▶ ACTION ITEM: Keep every word of the listing and reproduce it exactly, but set aside any image found there.

▶ RECORDED DATA:
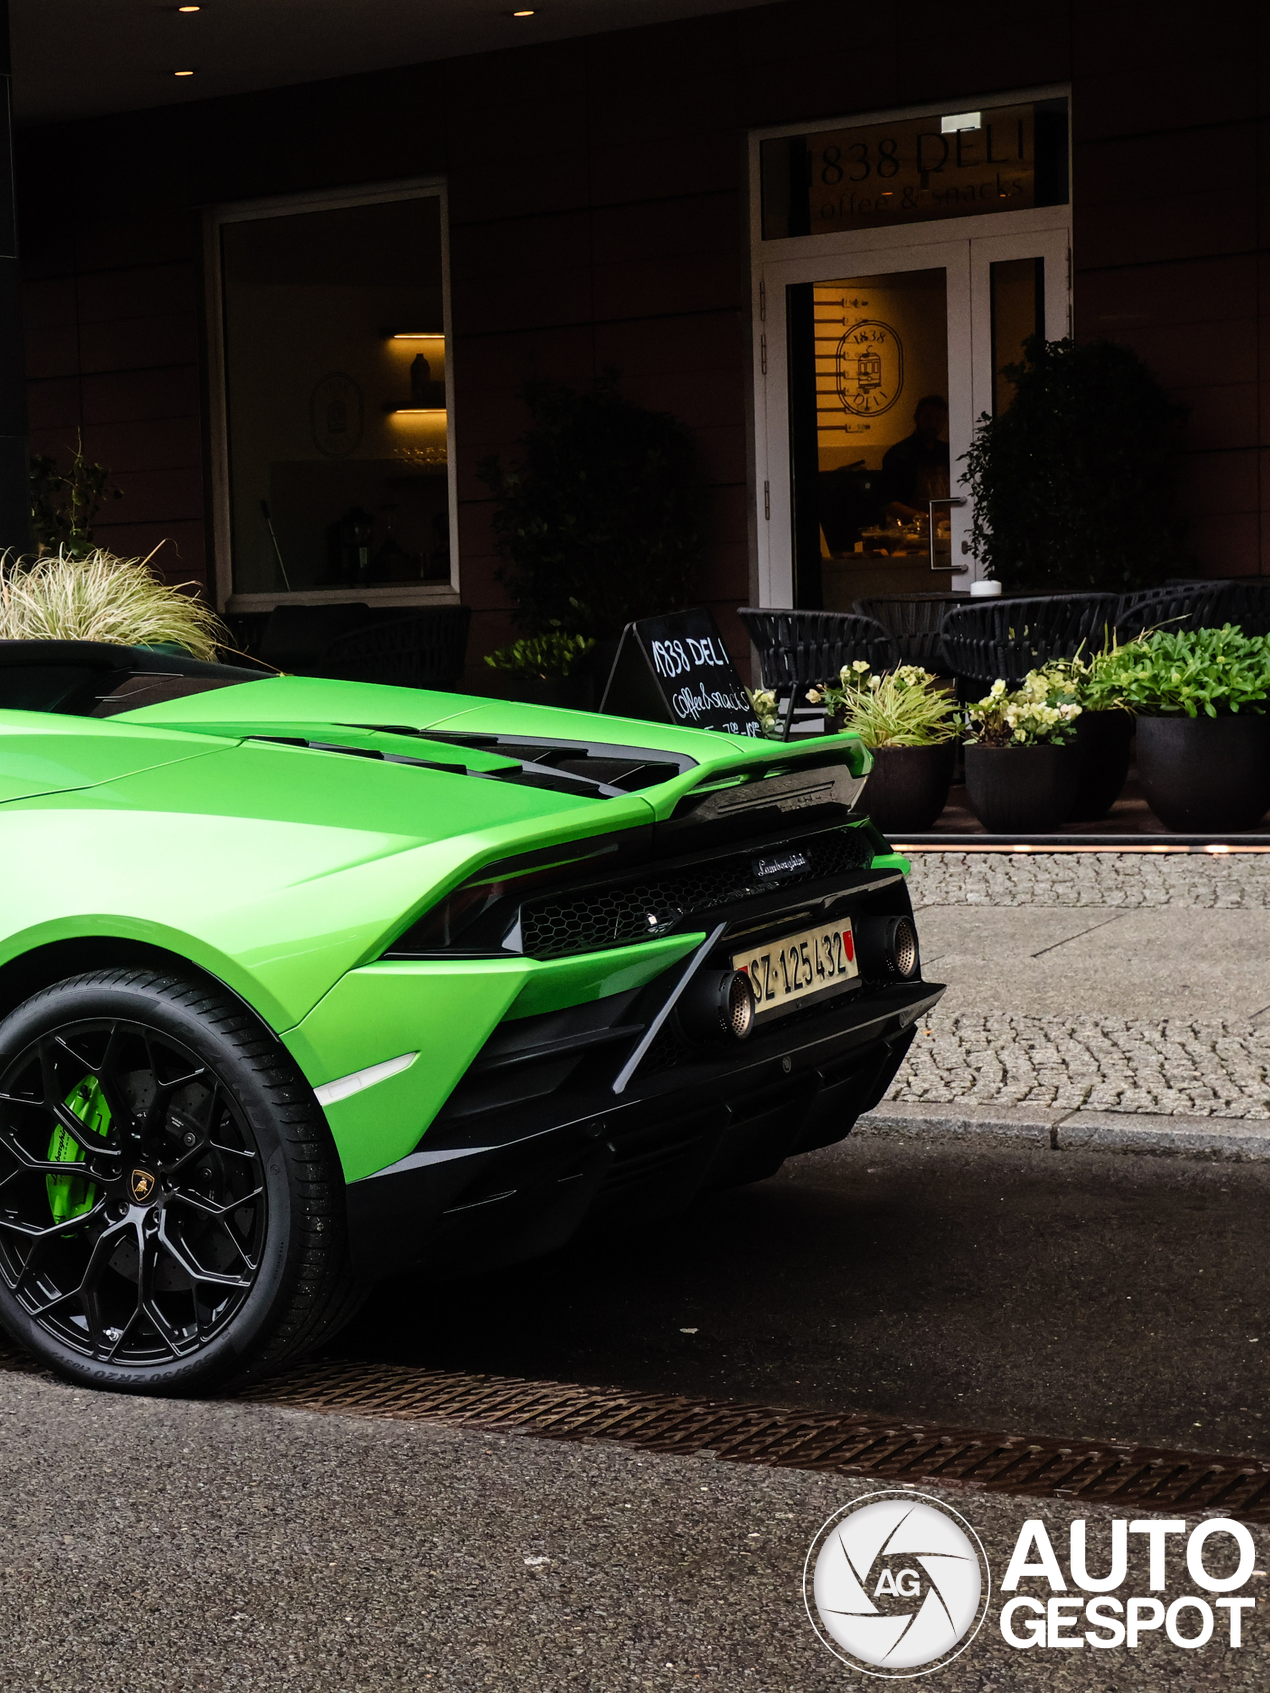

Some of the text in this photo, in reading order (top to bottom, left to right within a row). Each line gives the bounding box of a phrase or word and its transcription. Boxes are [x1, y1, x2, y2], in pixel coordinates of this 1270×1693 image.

[916, 118, 1025, 174] DELI
[820, 173, 1024, 221] offee & snacks
[853, 329, 886, 345] 1838
[651, 636, 730, 678] 1838 DELI
[757, 852, 806, 876] Lamborghini

▶ SOLUTION FOR THIS PROBLEM:
Some of the text in this photo, in reading order (top to bottom, left to right within a row). Each line gives the bounding box of a phrase or word and its transcription. Boxes are [x1, y1, x2, y2], in pixel coordinates of this 1270×1693 image.

[916, 118, 1025, 174] DELI
[820, 173, 1024, 221] offee & snacks
[853, 329, 886, 345] 1838
[651, 636, 730, 678] 1838 DELI
[757, 852, 806, 876] Lamborghini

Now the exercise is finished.